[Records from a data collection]

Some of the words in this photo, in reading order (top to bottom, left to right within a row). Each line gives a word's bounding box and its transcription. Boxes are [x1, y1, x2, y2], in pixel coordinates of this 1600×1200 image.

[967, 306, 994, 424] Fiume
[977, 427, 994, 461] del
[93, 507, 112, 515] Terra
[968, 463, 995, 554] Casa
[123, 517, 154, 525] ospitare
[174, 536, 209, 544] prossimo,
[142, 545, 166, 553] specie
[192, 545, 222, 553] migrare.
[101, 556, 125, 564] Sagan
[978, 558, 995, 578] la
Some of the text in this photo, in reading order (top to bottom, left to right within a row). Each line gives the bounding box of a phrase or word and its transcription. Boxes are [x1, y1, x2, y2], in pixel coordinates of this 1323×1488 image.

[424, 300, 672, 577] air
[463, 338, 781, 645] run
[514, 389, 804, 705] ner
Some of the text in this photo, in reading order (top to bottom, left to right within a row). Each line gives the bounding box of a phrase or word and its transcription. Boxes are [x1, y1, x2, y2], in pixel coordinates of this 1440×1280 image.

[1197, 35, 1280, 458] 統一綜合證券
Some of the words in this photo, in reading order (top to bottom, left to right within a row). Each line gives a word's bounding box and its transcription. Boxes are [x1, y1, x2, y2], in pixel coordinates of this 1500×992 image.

(PROBLEM): Each entry must be printed again exactly as given.

(YOUR SOLUTION):
Some of the words in this photo, in reading order (top to bottom, left to right within a row). Each line gives a word's bounding box and its transcription. Boxes are [x1, y1, x2, y2], in pixel coordinates of this 1600×1200 image.

[967, 306, 994, 424] Fiume
[977, 427, 994, 461] del
[93, 507, 112, 515] Terra
[968, 463, 995, 554] Casa
[123, 517, 154, 525] ospitare
[174, 536, 209, 544] prossimo,
[142, 545, 166, 553] specie
[192, 545, 222, 553] migrare.
[101, 556, 125, 564] Sagan
[978, 558, 995, 578] la
Some of the text in this photo, in reading order (top to bottom, left to right within a row). Each line gives the bounding box of a phrase or word and its transcription. Boxes are [x1, y1, x2, y2], in pixel coordinates of this 1323×1488 image.

[424, 300, 672, 577] air
[463, 338, 781, 645] run
[514, 389, 804, 705] ner
Some of the text in this photo, in reading order (top to bottom, left to right within a row). Each line gives the bounding box of a phrase or word and its transcription. Boxes are [x1, y1, x2, y2], in pixel coordinates of this 1440×1280 image.

[1197, 35, 1280, 458] 統一綜合證券
Some of the words in this photo, in reading order (top to bottom, left to right within a row). Each line gives a word's bounding box and its transcription. Boxes are [x1, y1, x2, y2], in pixel coordinates of this 1500×992 image.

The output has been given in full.